Hasan was convicted of killing a white woman and her son in Refugio,
Texas. There is a lack of physical evidence to tie Hasan to the
scene. In fact, the main piece of evidence against him is a forced
confession the police illicited from him, a 19-year-old black young
man, while in their custody, after a promise that he would only get
30 years for it. He was found guilty by an almost all-white jury,
some of whom had contact with the victim's family during the trial.
He had an incompetent lawyer who was later suspended, and a
questionable indictment that outlined several different theories
about the murders.
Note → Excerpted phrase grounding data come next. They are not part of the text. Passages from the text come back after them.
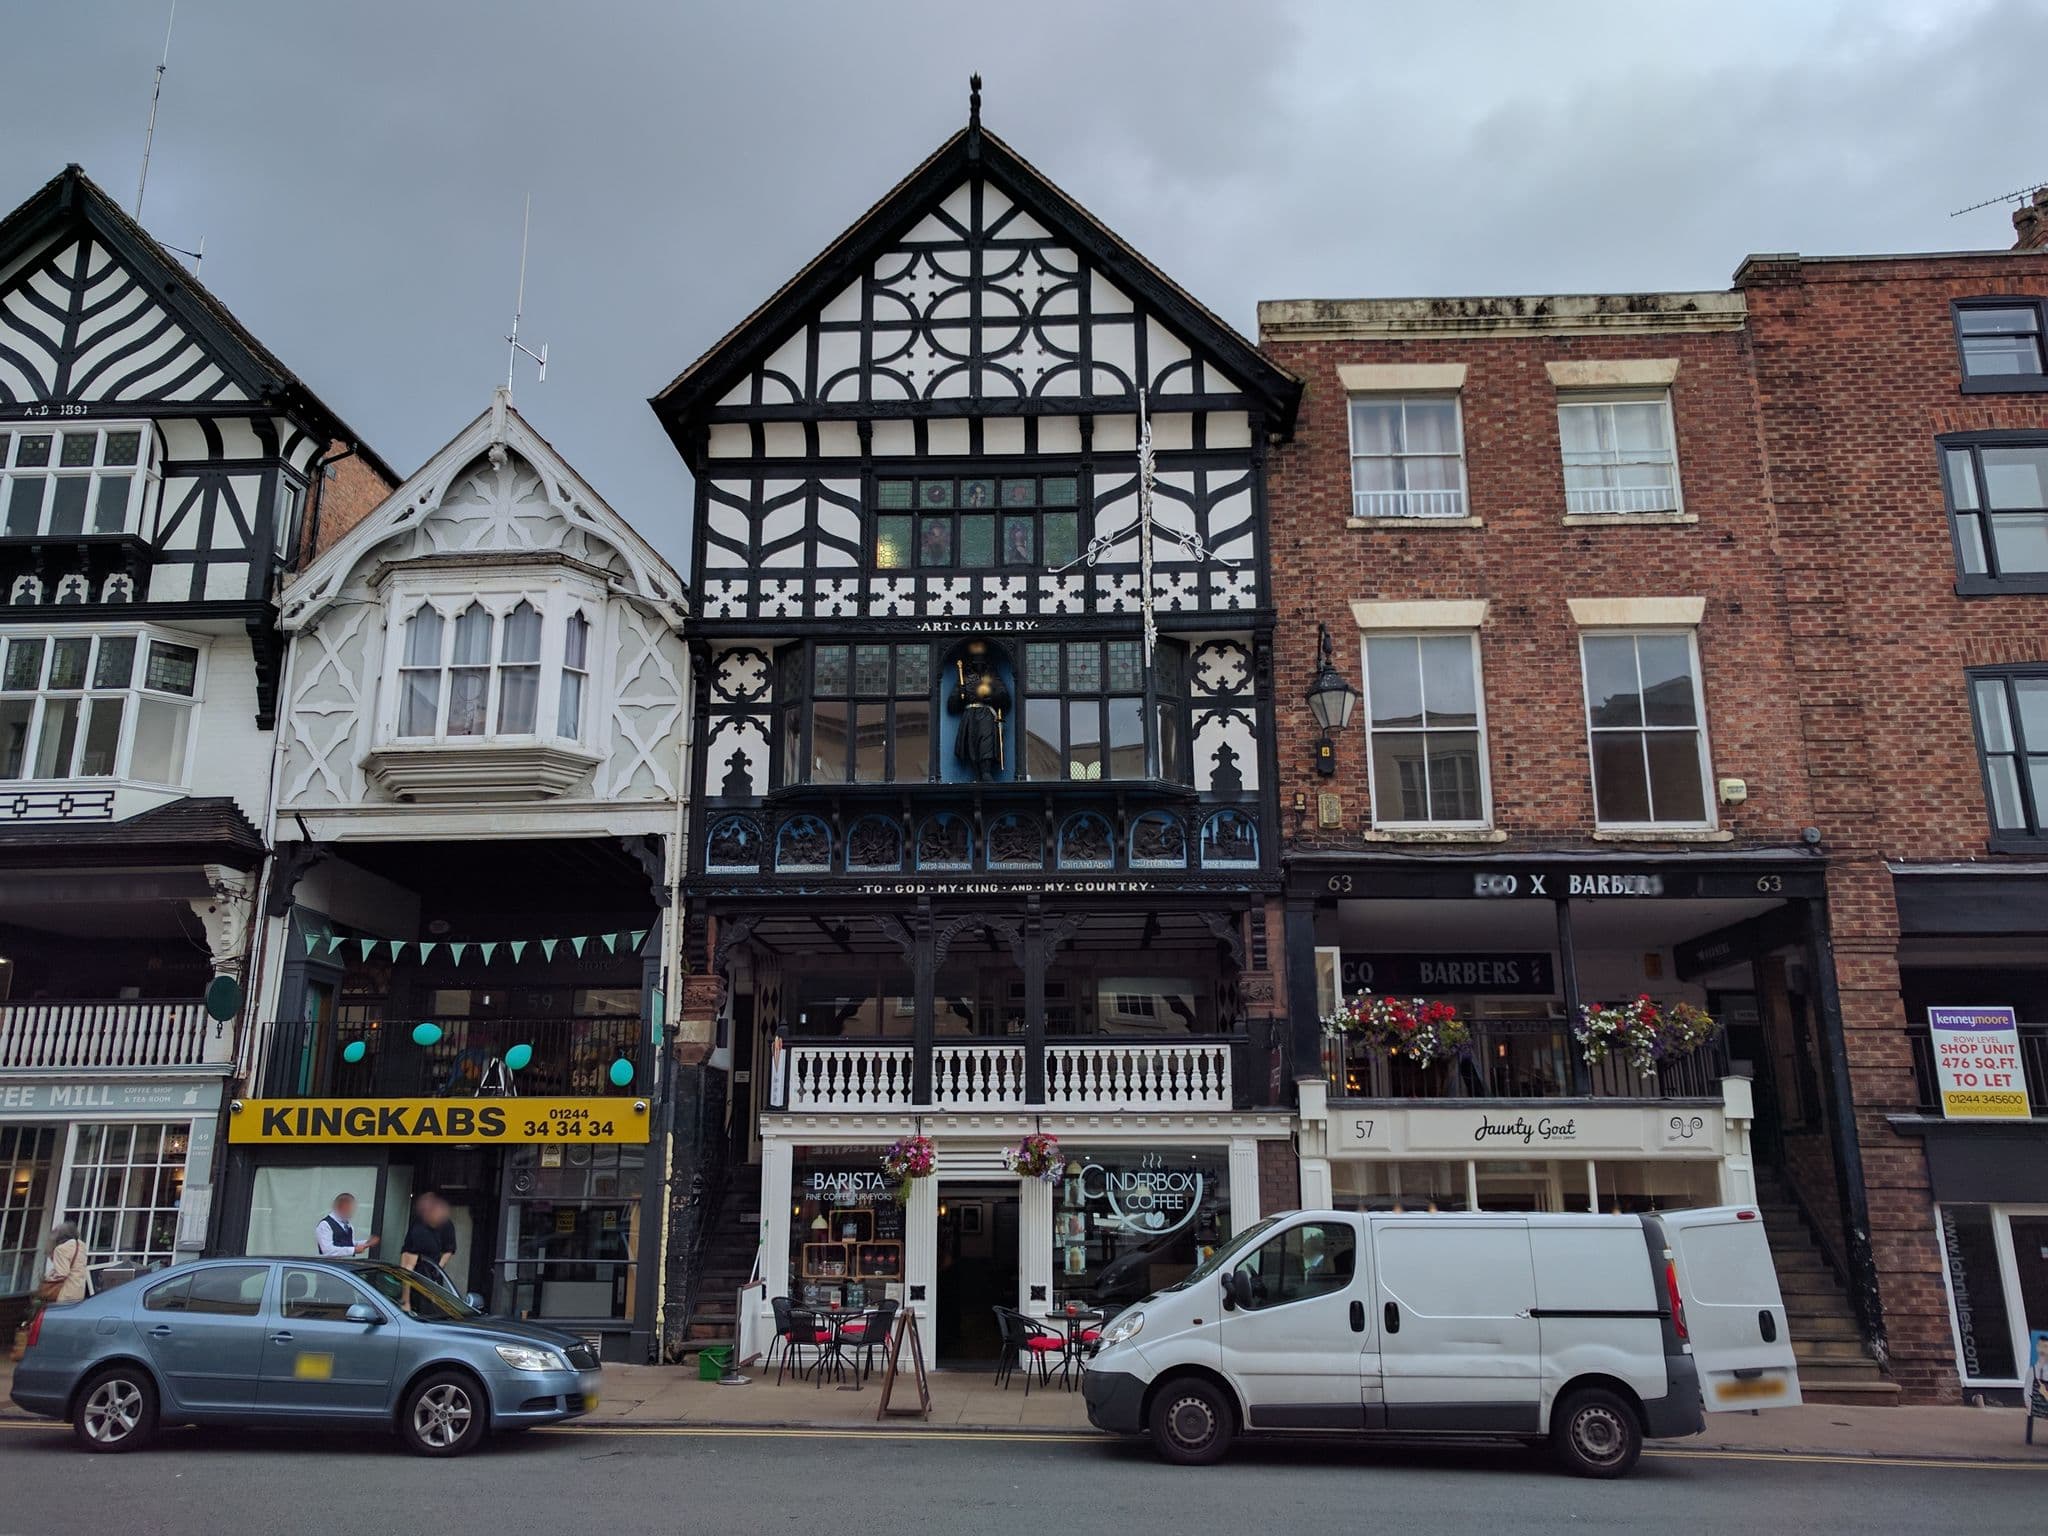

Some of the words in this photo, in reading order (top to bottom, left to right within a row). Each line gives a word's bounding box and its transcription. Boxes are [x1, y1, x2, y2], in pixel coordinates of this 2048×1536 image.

[60, 405, 87, 415] 1891
[921, 622, 952, 631] ART
[961, 621, 1033, 631] GALLERY
[865, 884, 881, 893] TO
[895, 884, 925, 893] GOD
[938, 884, 956, 893] MY
[967, 883, 998, 893] KING
[1011, 884, 1032, 892] AND
[1045, 883, 1064, 892] MY
[1074, 882, 1148, 892] COUNTRY
[1327, 875, 1353, 893] 63
[1530, 875, 1546, 894] X
[1757, 875, 1783, 892] 63
[1419, 961, 1520, 985] BARBERS
[1935, 1013, 2009, 1027] kenneymoore
[1977, 1036, 2000, 1044] LEVEL
[1940, 1044, 1978, 1054] SHOP
[1983, 1044, 2015, 1054] UNIT
[1942, 1058, 1970, 1069] 476
[1974, 1058, 2018, 1070] SQ.FT.
[1953, 1073, 1977, 1087] TO
[1984, 1073, 2011, 1087] LET
[0, 1086, 36, 1107] EE
[49, 1085, 114, 1107] MILL
[1948, 1094, 1980, 1104] 01244
[1982, 1095, 2023, 1104] 345600
[550, 1109, 590, 1119] 01244
[262, 1107, 507, 1137] KINGKABS
[524, 1121, 549, 1136] 34
[556, 1121, 582, 1136] 34
[588, 1121, 614, 1136] 34
[1356, 1120, 1374, 1139] 57
[1475, 1115, 1535, 1144] Jaunty
[1538, 1118, 1576, 1139] Goat
[813, 1172, 885, 1190] BARISTA
[1079, 1164, 1194, 1199] CINDERBOX
[805, 1193, 821, 1201] FINE
[823, 1193, 851, 1201] COFFEE
[1126, 1193, 1184, 1209] COFFEE
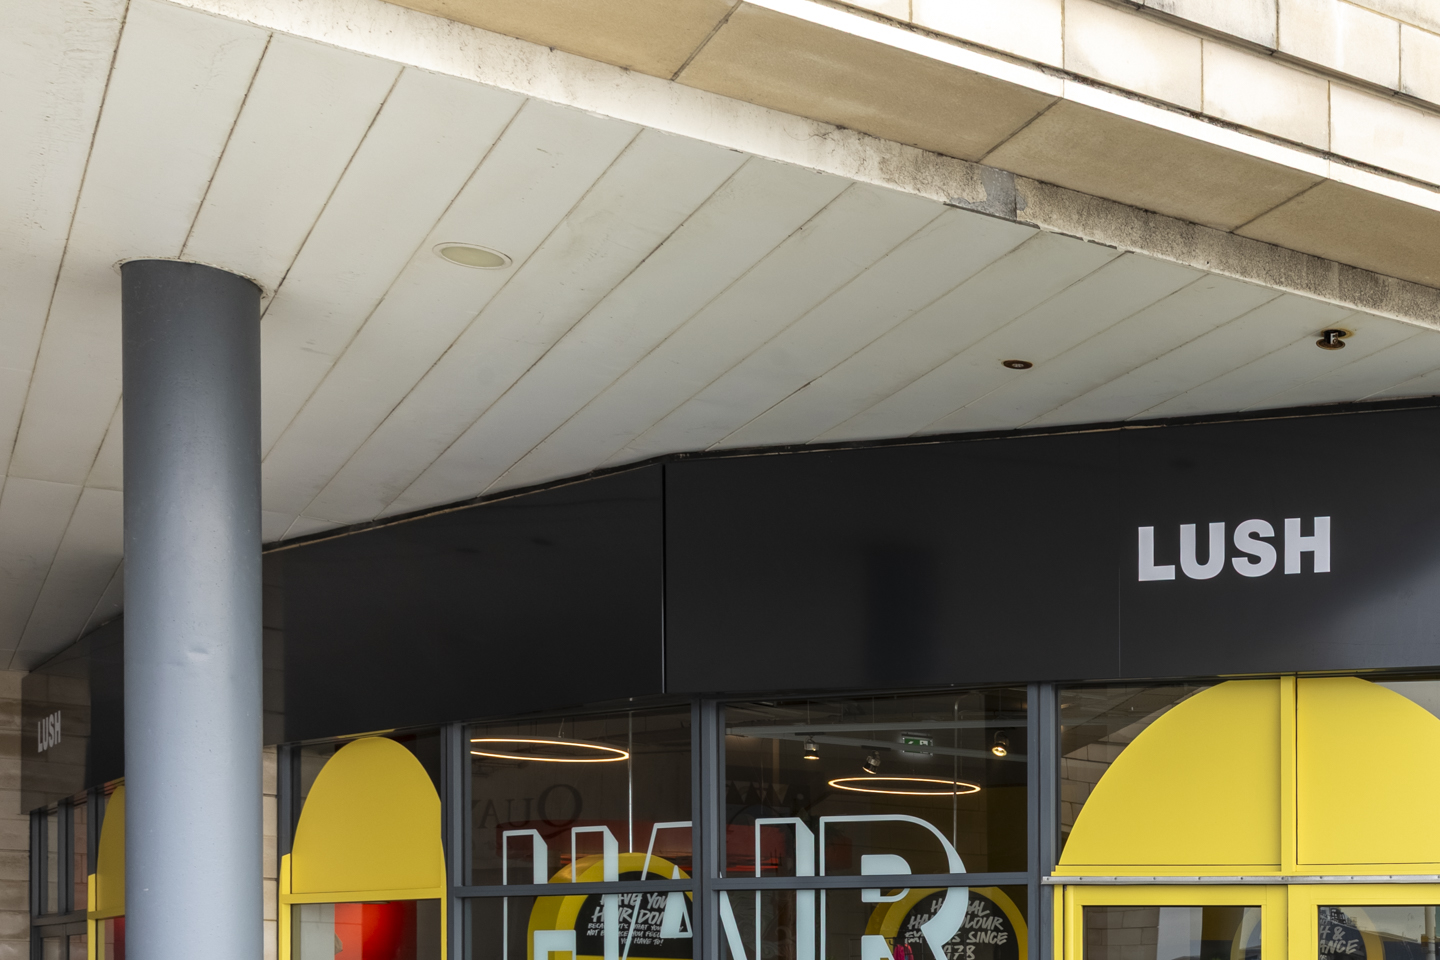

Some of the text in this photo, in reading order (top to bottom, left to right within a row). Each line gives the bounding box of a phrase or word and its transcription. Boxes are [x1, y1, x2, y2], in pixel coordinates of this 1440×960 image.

[1137, 515, 1332, 582] LUSH
[37, 709, 61, 753] LUSH
[966, 930, 1009, 946] SINCE
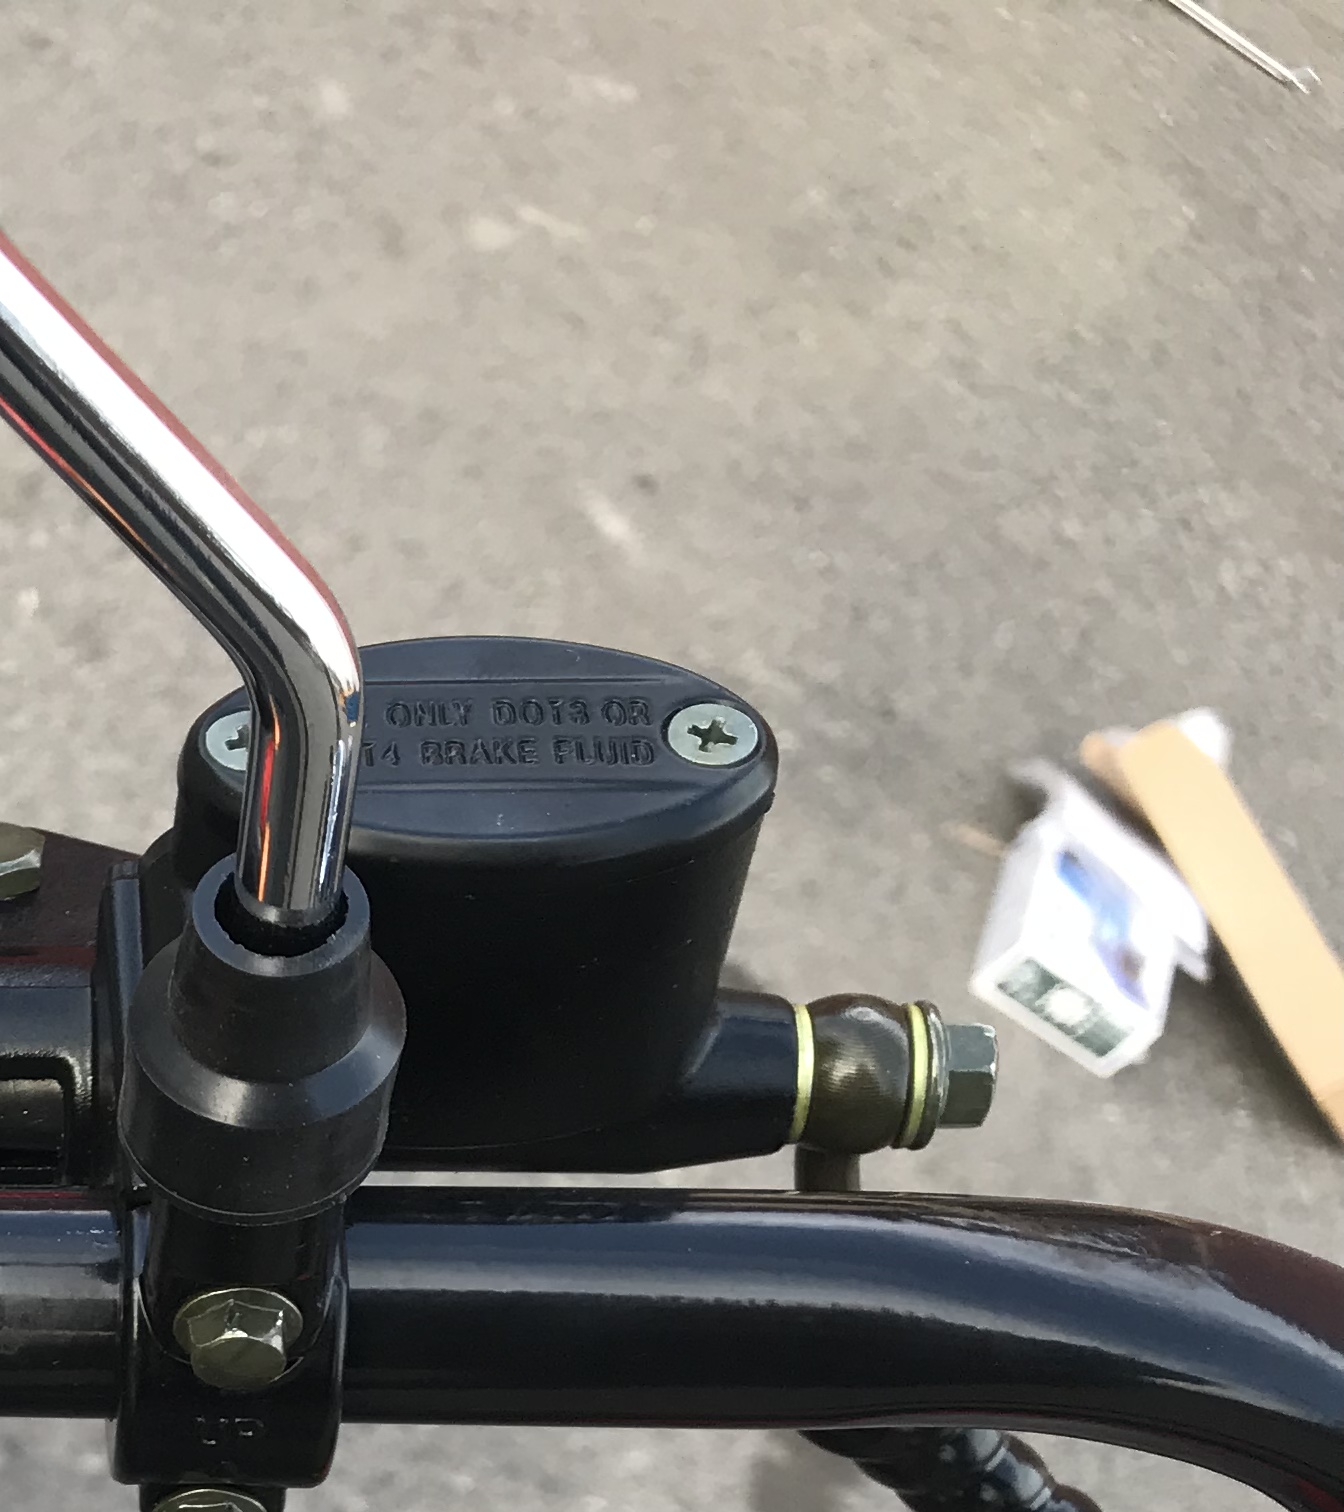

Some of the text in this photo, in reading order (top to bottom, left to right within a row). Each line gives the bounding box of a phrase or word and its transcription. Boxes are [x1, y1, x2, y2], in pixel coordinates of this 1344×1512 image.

I said to Hasan that some people, even black
folks, still believe in the inherent goodness of the system, that
there are some glitches but once those get cleared up, it will be
back on track. He snorted and said, "That's where we go wrong,
believing that simple shit. The system is on track ... it's on track
to ride over us."
But there is still reason for hope. Hasan had an execution date
scheduled for April 27, the day before his 29th birthday. Three days
before, the courts gave him a stay. The prison shut down his visiting
the minute the paperwork was filed, so I didn't get to see him on
that trip. This is our first time meeting face to face, even though
we have organized and worked together for years. Also, another brotha
was released from death row last week; a new trial won him a
different sentence, and since he'd already spent 20 years on the row,
they let him go. Debbie said, "Of course they got tight restrictions
on him, he can do nothing, can't use the computer, can't leave the
house, can't drink ... but shit, at least he's home."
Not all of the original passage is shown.